▼
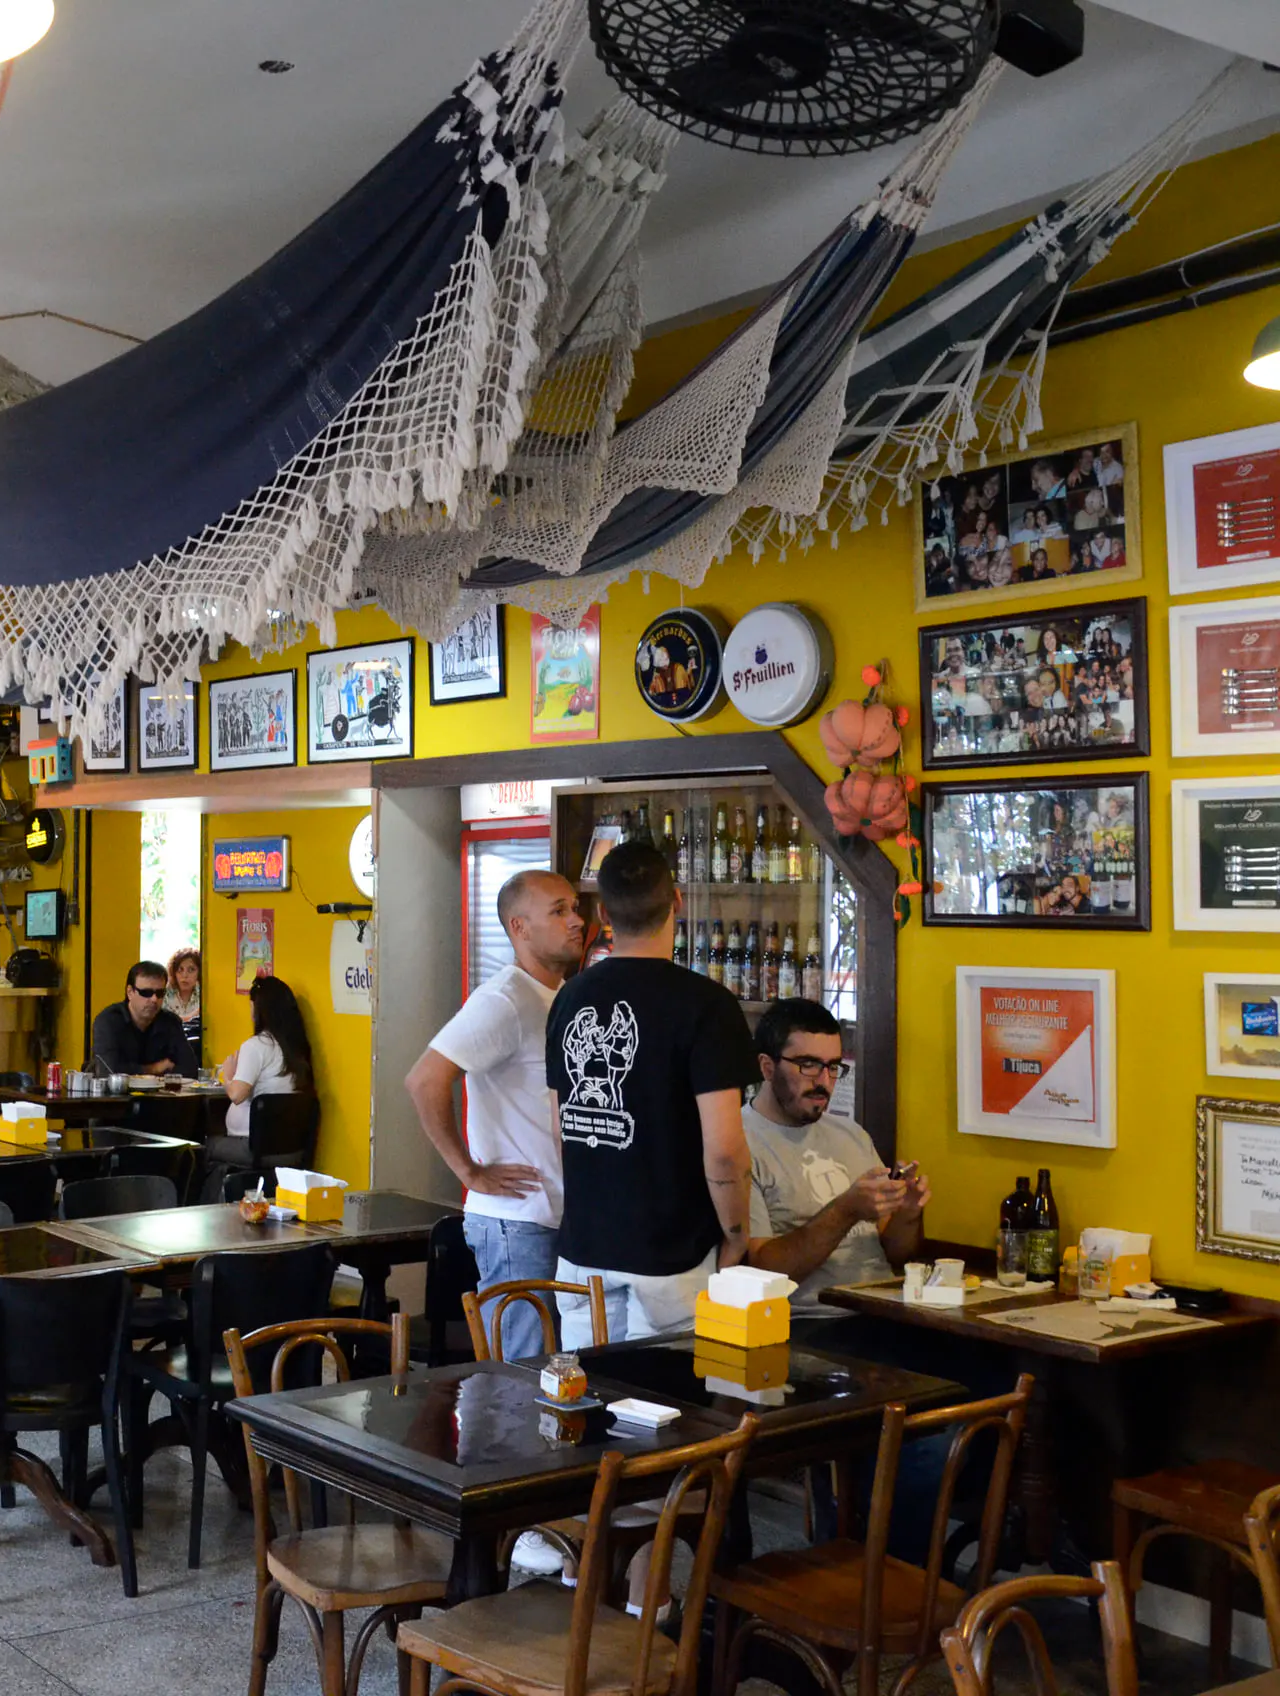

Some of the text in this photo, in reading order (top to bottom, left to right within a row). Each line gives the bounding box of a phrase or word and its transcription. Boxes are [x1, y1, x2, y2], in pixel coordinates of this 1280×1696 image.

[743, 661, 796, 693] Feuillien
[499, 780, 534, 804] DEVASSA
[242, 917, 268, 934] FLORIS
[993, 996, 1060, 1014] VOTAÇÃO ON LINE
[985, 1013, 1069, 1030] MELHOR RESTAURANTE
[1011, 1059, 1041, 1075] Tijuca
▲
- **TASK DESCRIPTION**: Pictures stay out; everything else in the records above gets copied exactly.

- **ANSWER SECTION**:
Some of the text in this photo, in reading order (top to bottom, left to right within a row). Each line gives the bounding box of a phrase or word and its transcription. Boxes are [x1, y1, x2, y2], in pixel coordinates of this 1280×1696 image.

[743, 661, 796, 693] Feuillien
[499, 780, 534, 804] DEVASSA
[242, 917, 268, 934] FLORIS
[993, 996, 1060, 1014] VOTAÇÃO ON LINE
[985, 1013, 1069, 1030] MELHOR RESTAURANTE
[1011, 1059, 1041, 1075] Tijuca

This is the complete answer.